Records shown: Begin
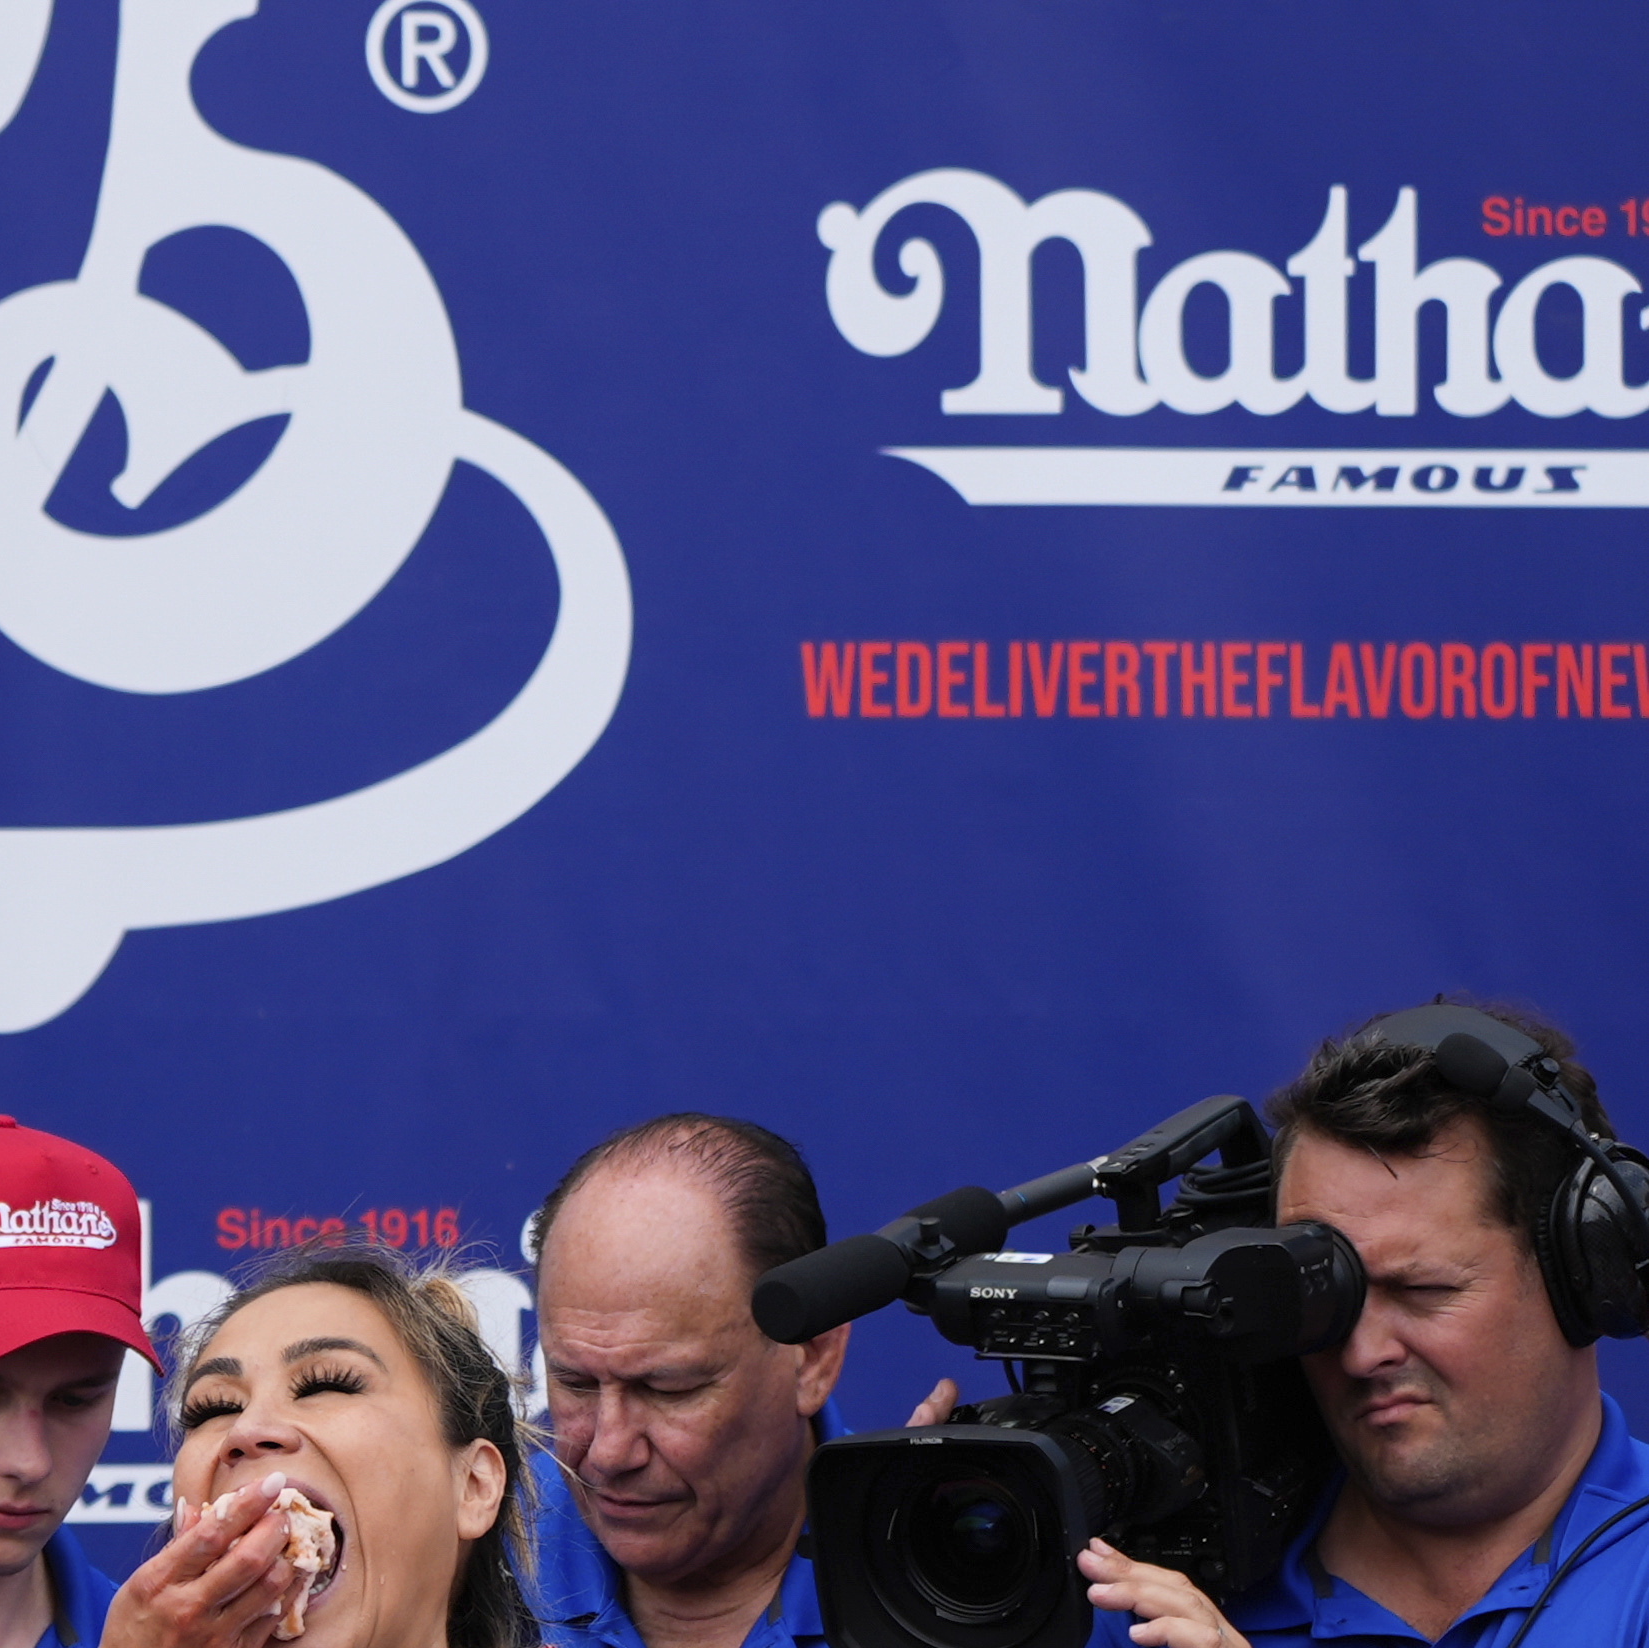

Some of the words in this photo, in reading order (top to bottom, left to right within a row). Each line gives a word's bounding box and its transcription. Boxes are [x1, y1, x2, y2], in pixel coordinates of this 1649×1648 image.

[1481, 196, 1607, 237] Since
[815, 166, 1649, 419] Natha
[1220, 465, 1590, 495] FAMOUS
[216, 1208, 346, 1249] Since
[359, 1208, 459, 1249] 1916
[969, 1287, 1019, 1300] SONY
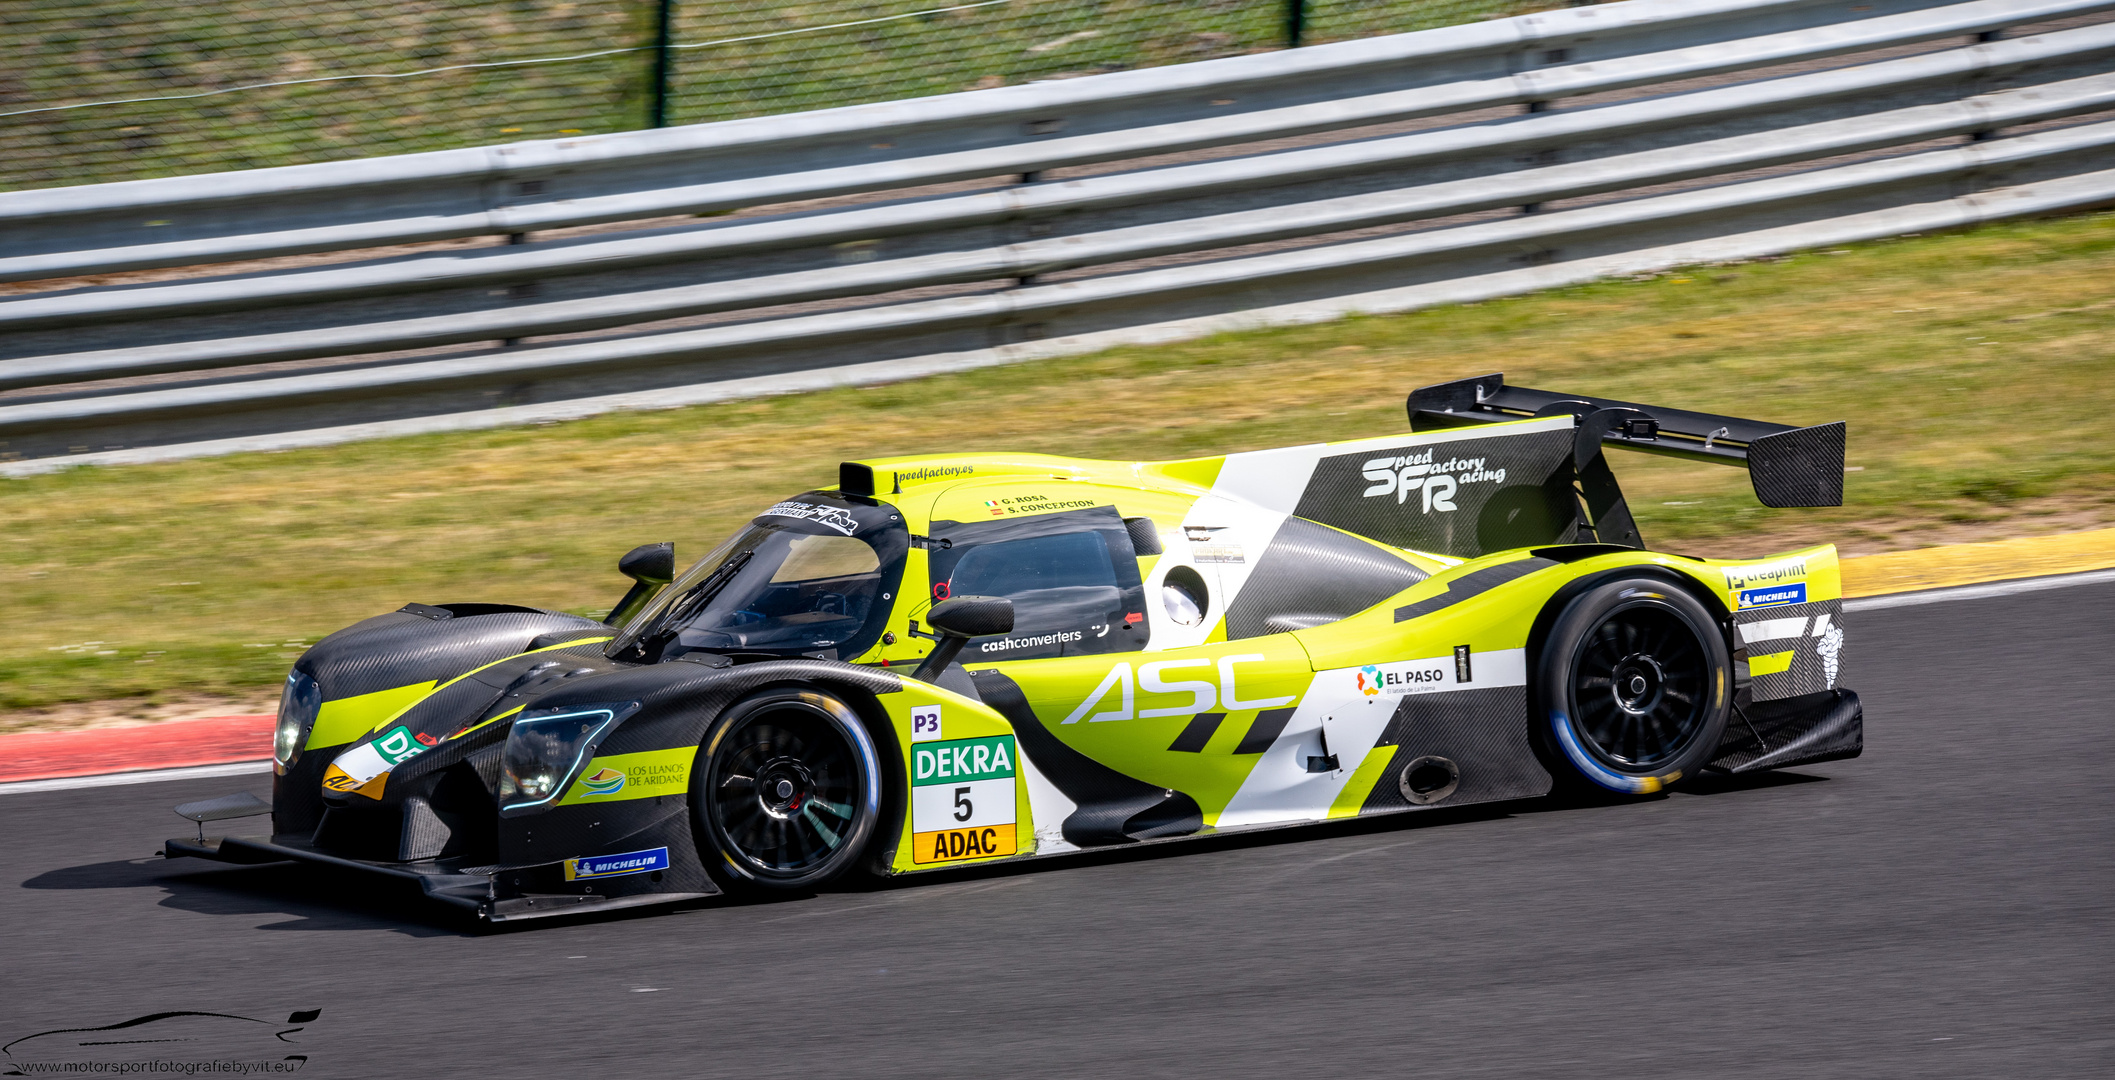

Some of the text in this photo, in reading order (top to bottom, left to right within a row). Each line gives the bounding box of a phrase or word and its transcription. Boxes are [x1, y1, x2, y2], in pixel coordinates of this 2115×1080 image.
Records shown: End
Try it: Pictures aside, restate the entries word for word.

Solution for this task:
Some of the words in this photo, in reading order (top to bottom, left to right within a row). Each line gives a word's bounding box and its transcription. Boxes are [x1, y1, x2, y2], in pixel coordinates of this 1649×1648 image.

[1481, 196, 1607, 237] Since
[815, 166, 1649, 419] Natha
[1220, 465, 1590, 495] FAMOUS
[216, 1208, 346, 1249] Since
[359, 1208, 459, 1249] 1916
[969, 1287, 1019, 1300] SONY

Some of the text in this photo, in reading order (top to bottom, left to right within a row). Each line gives the bounding box of a phrase or word and its transcription. Boxes are [x1, y1, x2, y2], in pixel coordinates of this 2115×1080 image.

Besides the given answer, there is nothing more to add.